━━━━━ Supplied records
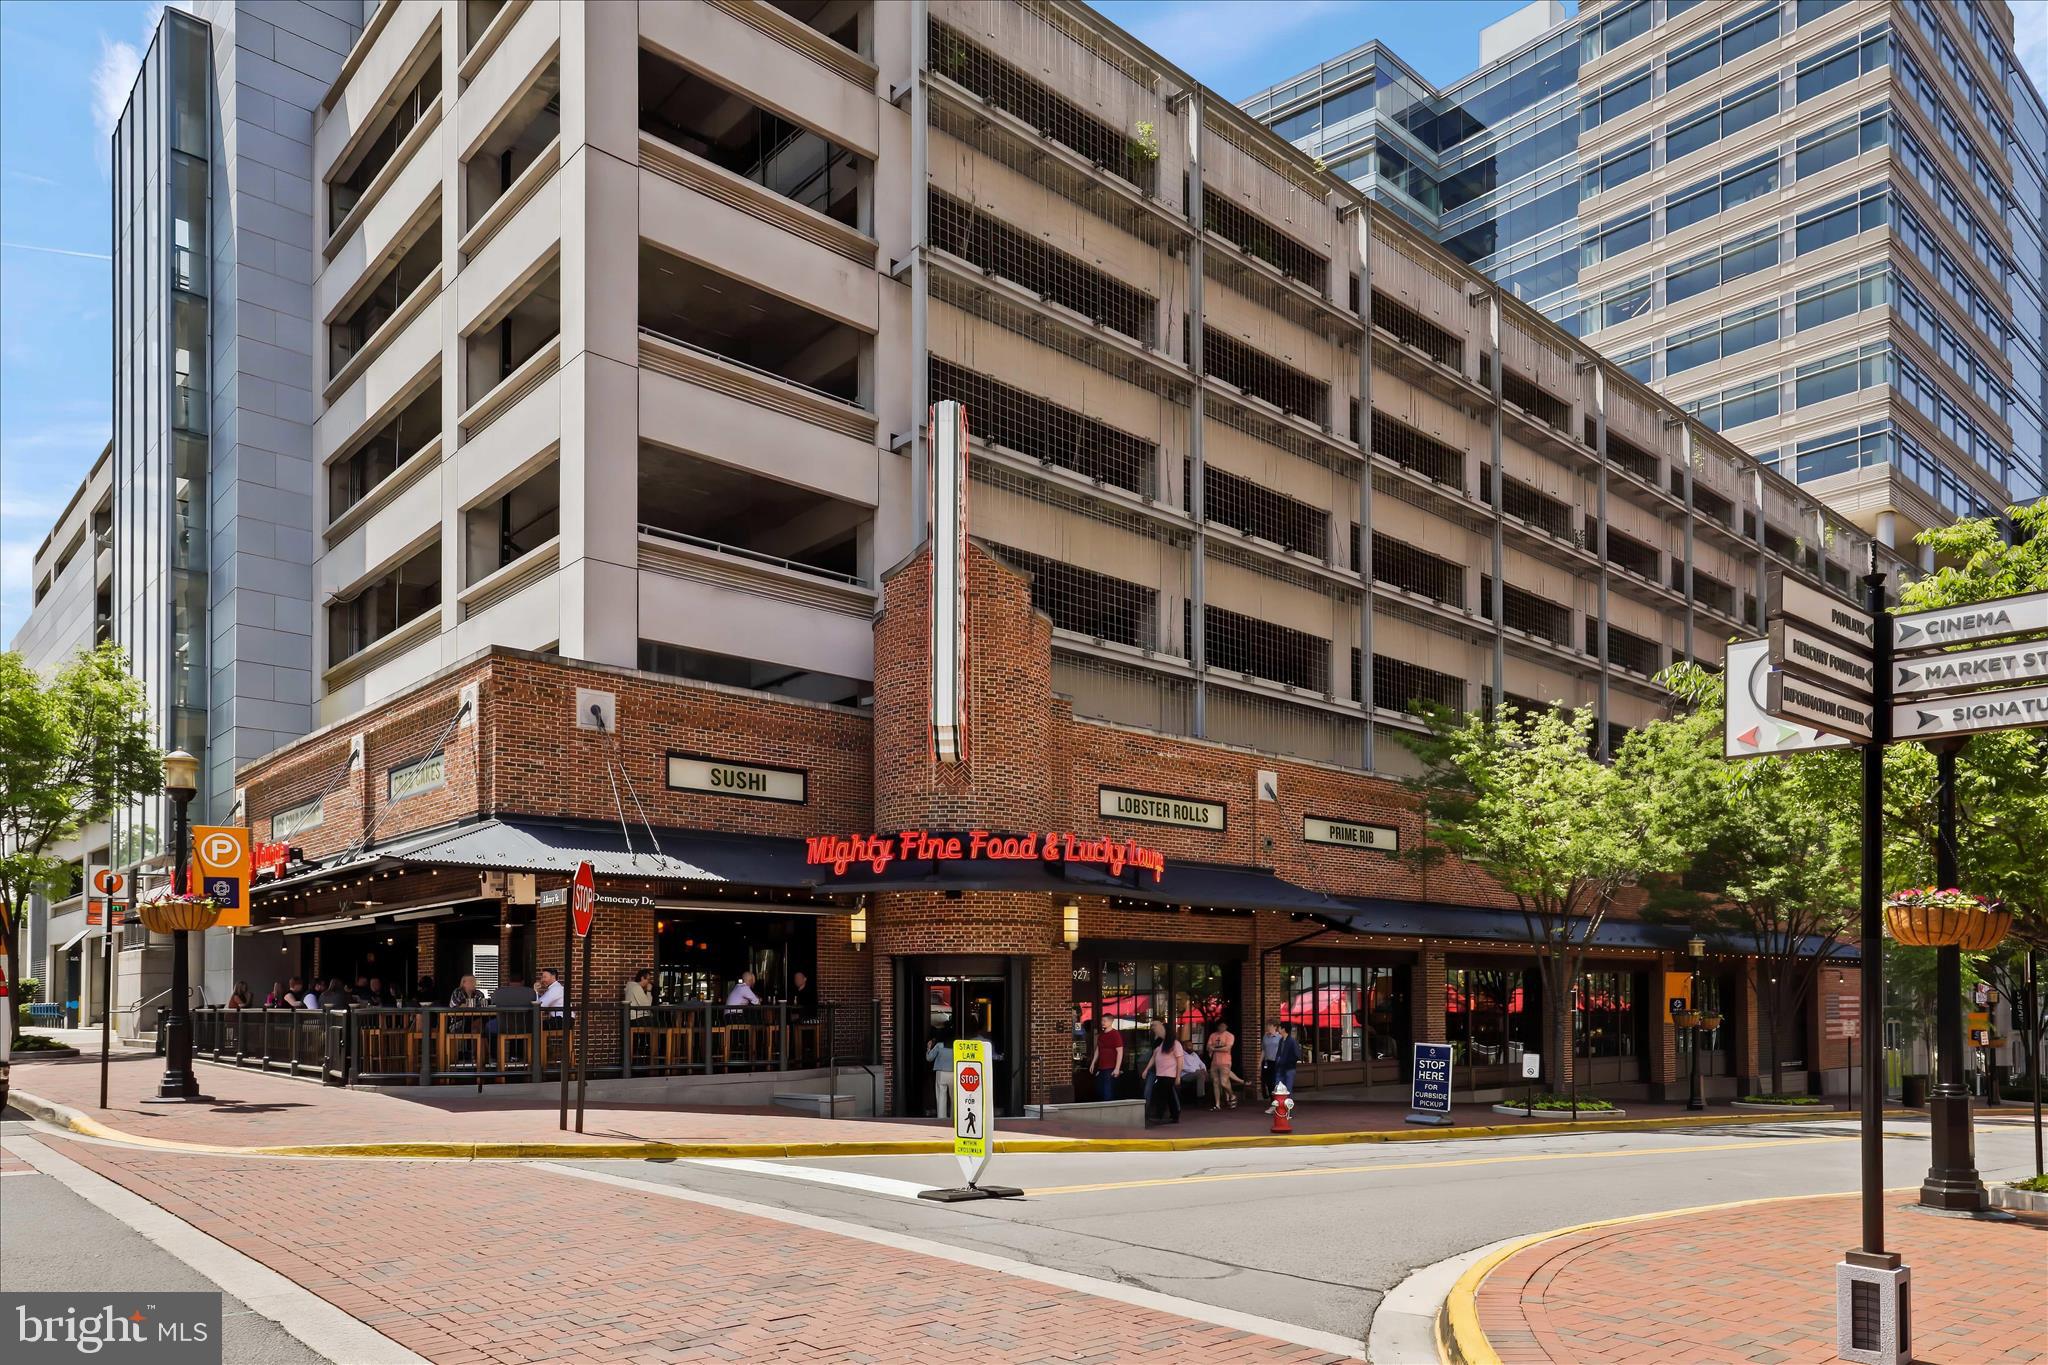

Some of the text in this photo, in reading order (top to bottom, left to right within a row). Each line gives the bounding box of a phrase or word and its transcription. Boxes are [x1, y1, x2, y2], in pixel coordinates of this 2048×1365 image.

[1831, 608, 1865, 636] PAVILION
[1925, 610, 2011, 635] CINEMA
[1793, 638, 1865, 681] MERCURY FOUNTAIN
[1925, 655, 2016, 680] MARKET
[1783, 686, 1864, 726] INFORMATION CENTER
[710, 767, 767, 792] SUSHI
[1118, 796, 1209, 823] LOBSTER ROLLS
[1329, 825, 1374, 844] PRIME RIB
[211, 839, 233, 862] P
[806, 833, 894, 875] Mighty
[900, 830, 963, 860] Fine
[969, 830, 1038, 860] Food
[1043, 831, 1060, 861] &
[1063, 832, 1126, 877] Lucky
[575, 884, 593, 913] STOP
[593, 892, 655, 907] Democracy Dr.
[1072, 970, 1088, 980] 927
[959, 1043, 978, 1051] STATE
[1418, 1070, 1445, 1081] HERE
[1419, 1060, 1446, 1070] STOP
[960, 1074, 979, 1084] STOP
[1415, 1091, 1448, 1100] CURBSIDE
[1419, 1100, 1444, 1108] PICKUP
━━━━━━━━━━
Return the full listing exactly as it appears above, without its pictures.

__Your solution__.
Some of the text in this photo, in reading order (top to bottom, left to right within a row). Each line gives the bounding box of a phrase or word and its transcription. Boxes are [x1, y1, x2, y2], in pixel coordinates of this 2048×1365 image.

[1831, 608, 1865, 636] PAVILION
[1925, 610, 2011, 635] CINEMA
[1793, 638, 1865, 681] MERCURY FOUNTAIN
[1925, 655, 2016, 680] MARKET
[1783, 686, 1864, 726] INFORMATION CENTER
[710, 767, 767, 792] SUSHI
[1118, 796, 1209, 823] LOBSTER ROLLS
[1329, 825, 1374, 844] PRIME RIB
[211, 839, 233, 862] P
[806, 833, 894, 875] Mighty
[900, 830, 963, 860] Fine
[969, 830, 1038, 860] Food
[1043, 831, 1060, 861] &
[1063, 832, 1126, 877] Lucky
[575, 884, 593, 913] STOP
[593, 892, 655, 907] Democracy Dr.
[1072, 970, 1088, 980] 927
[959, 1043, 978, 1051] STATE
[1418, 1070, 1445, 1081] HERE
[1419, 1060, 1446, 1070] STOP
[960, 1074, 979, 1084] STOP
[1415, 1091, 1448, 1100] CURBSIDE
[1419, 1100, 1444, 1108] PICKUP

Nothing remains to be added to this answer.